What I did quite like was the variety of different areas you’d go to. Whilst you’ll still be doing the same thing, much like in Powerwash Simulator, a change of venue can keep things feeling fresh. Starting out with a boxing gym, you’ll quickly visit climbing centres, ice hockey rinks, and even a wheelchair American Football club. Each of them have their own little feature to make them stand out, such as needing to clean the ice at the hockey rink or replace the video screens at the virtual golf centre. What I especially liked was the radio presenter who would pop up and give you some history on different sports, which was certainly unique.

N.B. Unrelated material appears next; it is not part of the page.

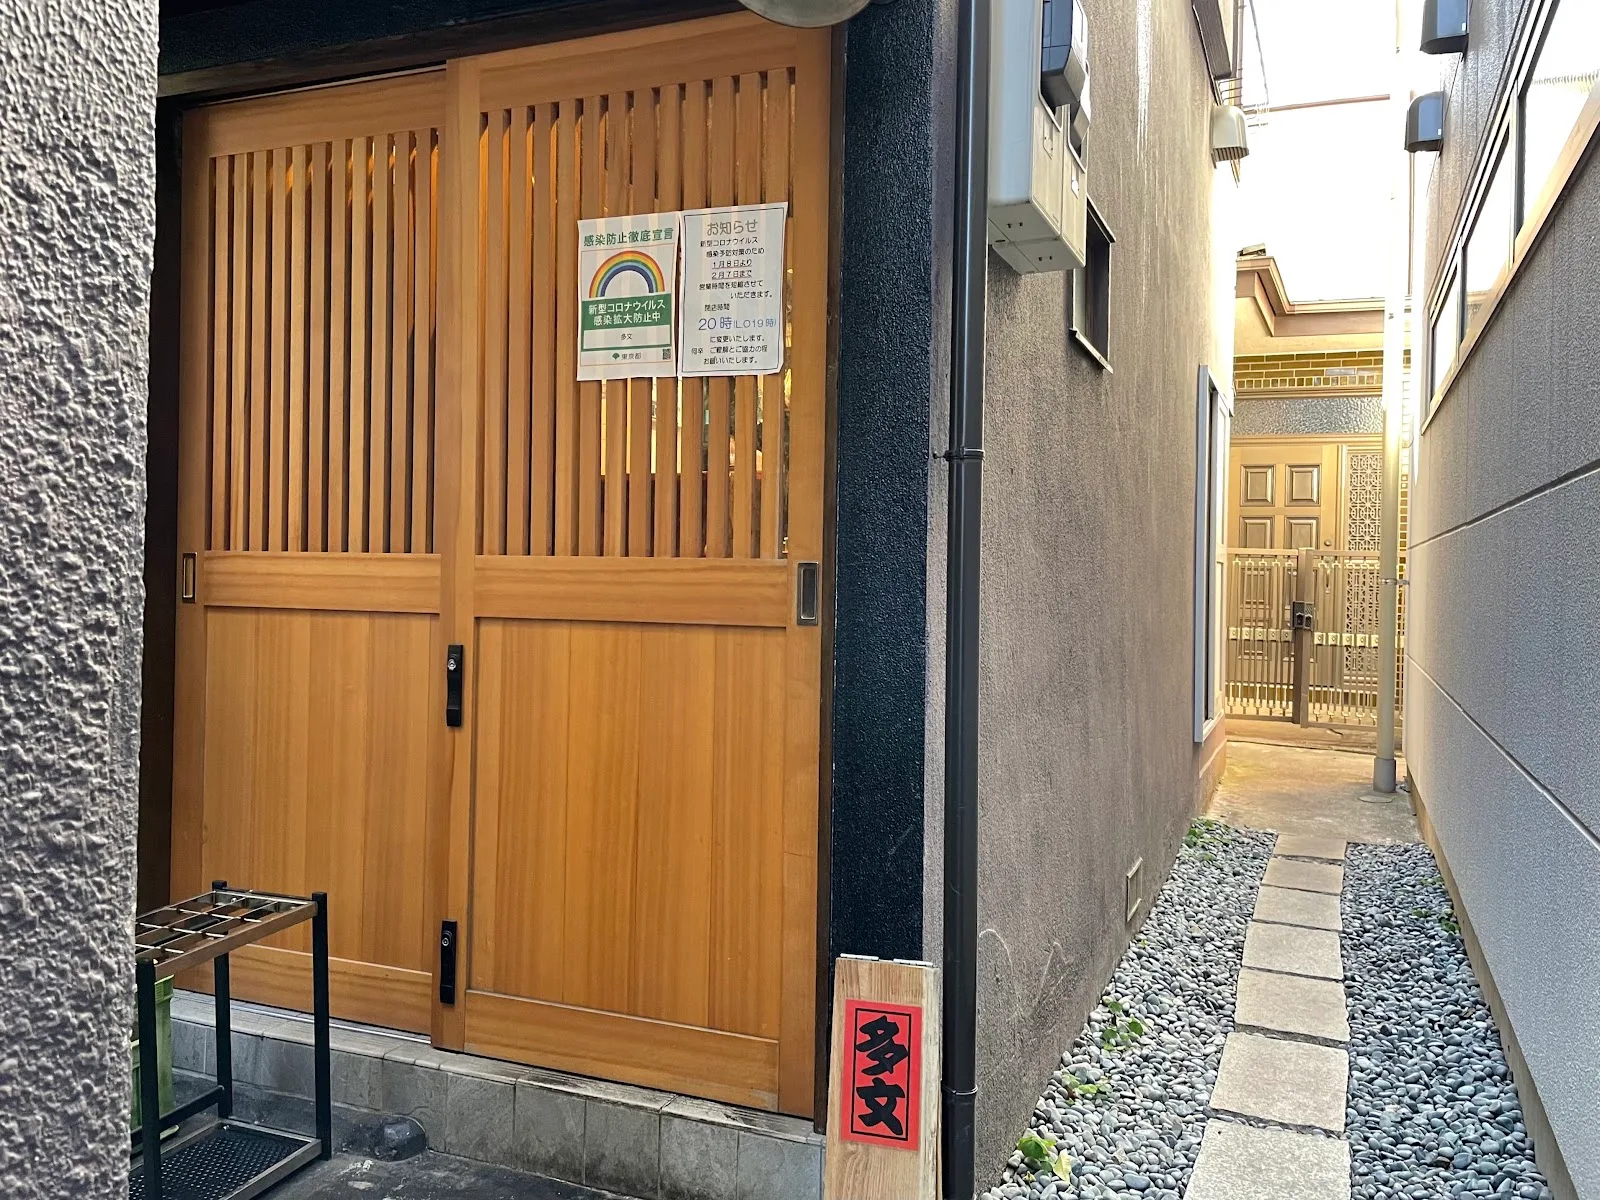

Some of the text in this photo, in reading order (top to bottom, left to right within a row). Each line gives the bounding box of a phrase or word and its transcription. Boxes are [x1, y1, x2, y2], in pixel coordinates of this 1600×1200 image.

The voice work is a little off though, and I was wondering if they were AI generated. Some of the dialogue and accents felt borderline offensive, especially the Irish lady in the boxing gym which is quite the stereotype alone. There’s some nice music at least, and the visuals are solid if not especially standout. The frame rate did tend to take an inexplicable hit from time to time though, and whilst my PC isn’t the powerhouse it once was, it can throw Space Marine 2 around without a care in the world, so this shouldn’t cause it to struggle.
Those minor gripes aside, Sports: Renovations is a fun addition to the genre, and whilst there are better options out there, I don’t think there are any with this specific theme that execute the basic mechanics well. I appreciate that this may be something of a niche game within a niche genre, but there will likely be an audience for it, and those who are in that Venn diagram intersection can buy this confidently knowing that they’ll have fun.
Sports: Renovations is available now on PC.